Raspberry Pi Measures 0~5V Voltage via Arduino

Raspberry Pi sadly doesn’t have any analog input, which means you could not connect an analog signal source to the GPIO pin on Raspberry Pi, and monitor its real-time output voltage in your application. Well, that’s not always true. You can wire your Pi with an external ADC (analog/digital converter), and measure the analog value via that. However that’s kind of complicated and expensive. Using a poor man’s A/D converter could save your money and time, but its accuracy is not that good.
Arduino usually has 10-bit ADC on board, and can measure voltage with resolution: 5V/1024=0.0049V, which is quite good in most scenarios. What’s more, many Arduino boards have USB port on board, which allows you to communicate with it via the serial port/USB. So Arduino seems to be a perfect extension for Raspberry Pi to accept analog input, right? We think so, but… every time you connect the Arduino to the Pi, its serial device name may vary. If your application running in Raspberry Pi wants to talk to the Arduino, it needs to know the Arduino’s serial device name. You definitely don’t want to manually find the correct device name and modify your application every time. That’s why we need the UUGear solution.
The UUGear solution contains a Sketch on Arduino side and a library for application that runs on Raspberry Pi. By using the library, your application on Raspberry Pi can control Arduino via a USB cable. Thus all those digital and analog pins on Arduino board are usable on Raspberry Pi. Interested? Please read on.

The Wiring

In this example, we will use a Raspberry Pi (with network connection), an Arduino Nano board, a multimeter, a DC 5V power supply and a potentiometer.
measure_voltage_wiringThe Raspberry Pi and the Arduino Nano are connected with the USB cable. We use the potentiometer to adjust output voltage from 0 to 5V. A multimeter is connected to keep monitoring the actual voltage. The output voltage is also connected to the A3 pin on Arduino Nano board.

The Source Code

A program (could be written in C or Python) can find the Arduino device by its unique, constant id, and then read the analog value from its A3 pin.
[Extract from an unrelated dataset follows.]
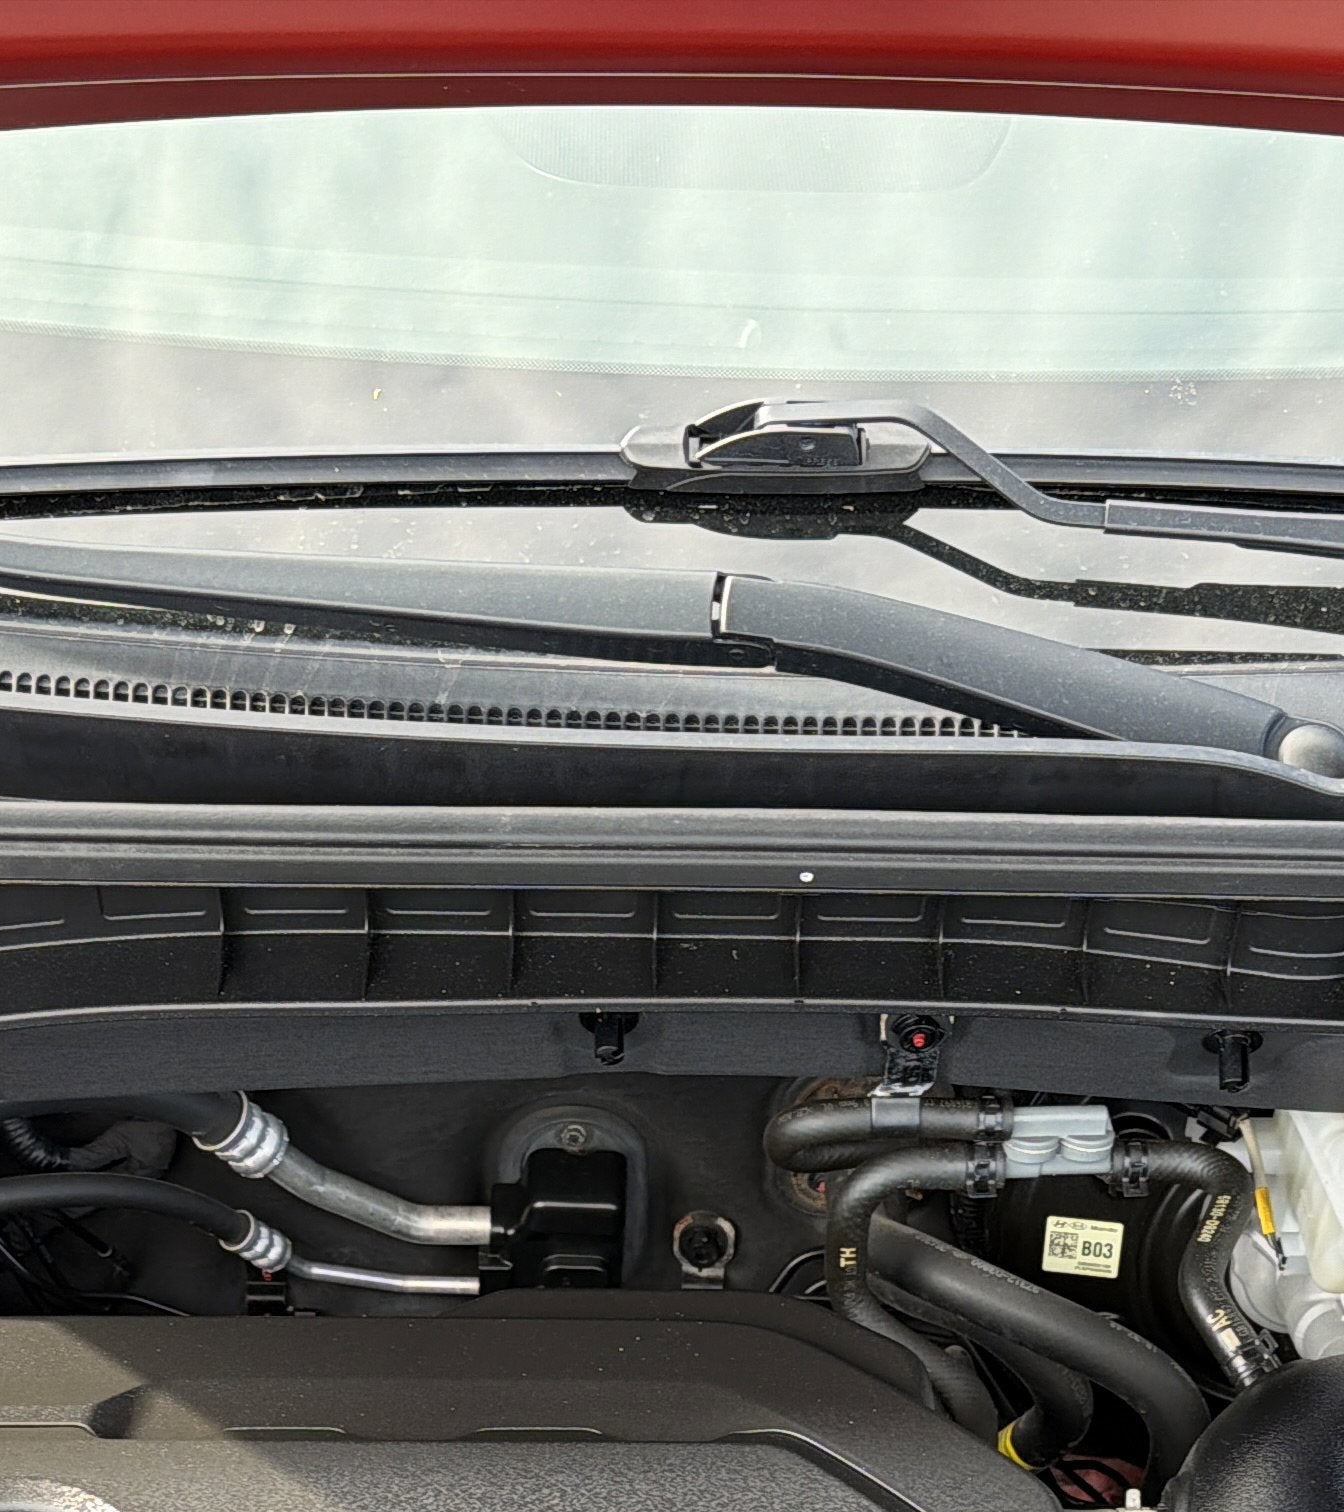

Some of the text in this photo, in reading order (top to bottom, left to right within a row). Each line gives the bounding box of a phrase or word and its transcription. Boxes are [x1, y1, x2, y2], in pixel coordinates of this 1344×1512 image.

[840, 1247, 857, 1267] TH
[1081, 1241, 1114, 1259] B03
[1208, 1309, 1232, 1332] AC
Please read the project homepage to learn how to get the Arduino device id.
You will query the Arduino device by its id, and then call the analogRead() function to read the analog value. The actual voltage could then be calculated like this:
Voltage = value * 5 / 1024
Here is the source code written in C:

#include <stdlib.h>
#include <stdio.h>
#include <string.h>
#include <sys/stat.h>
#include <sys/types.h>
#include <mqueue.h>
#include <unistd.h>
#include "../../src/UUGear.h"
int main(int argc, char **argv)
{
	setupUUGear();
	setShowLogs(1);
	UUGearDevice dev = attachUUGearDevice ("UUGear-Arduino-7853-2668");
	if (dev.fd != -1)
	{
		int pin = 3;	// analog input pin 3
		int i, value;
		float voltage;
		for (i = 0; i < 100; i ++) {
			value = analogRead(&dev, pin);
			voltage = (float)(value * 5) / 1024;
			printf("%.2fV\n", voltage);
			usleep(200000);
		}
		detachUUGearDevice (&dev);
	}
	else
	{
		printf("Can not open UUGear device.\n");
	}
	cleanupUUGear();
    return 0;
}

And here is the equivalent source code in Python:

from time import sleep
from UUGear import *
UUGearDevice.setShowLogs(0)
device = UUGearDevice('UUGear-Arduino-7853-2668')
if device.isValid():
	for i in range(100):
		print "%0.2f" % (float(device.analogRead(3)) * 5 / 1024), "V"
		sleep(0.2)
	device.detach()
	device.stopDaemon()
else:
	print 'UUGear device is not correctly initialized.'

When running the Python code, make sure the libUUGear.so and the UUGear.py files are placed in the working directory.

Video Demo

Here is a video that demonstrate the result, which is really not bad:

 Conclusion

Thanks to UUGear solution, the application running on Raspberry Pi can control the connected Arduino via an abstract model. Then thanks to Arduino’s capability to accept analog input, Raspberry Pi + Arduino could be used as a decent digital voltmeter, or even a multimeter if you are willing to add more circuits. This idea could be used in many scenarios, and we are sure there will be a lot of fun on finding them out.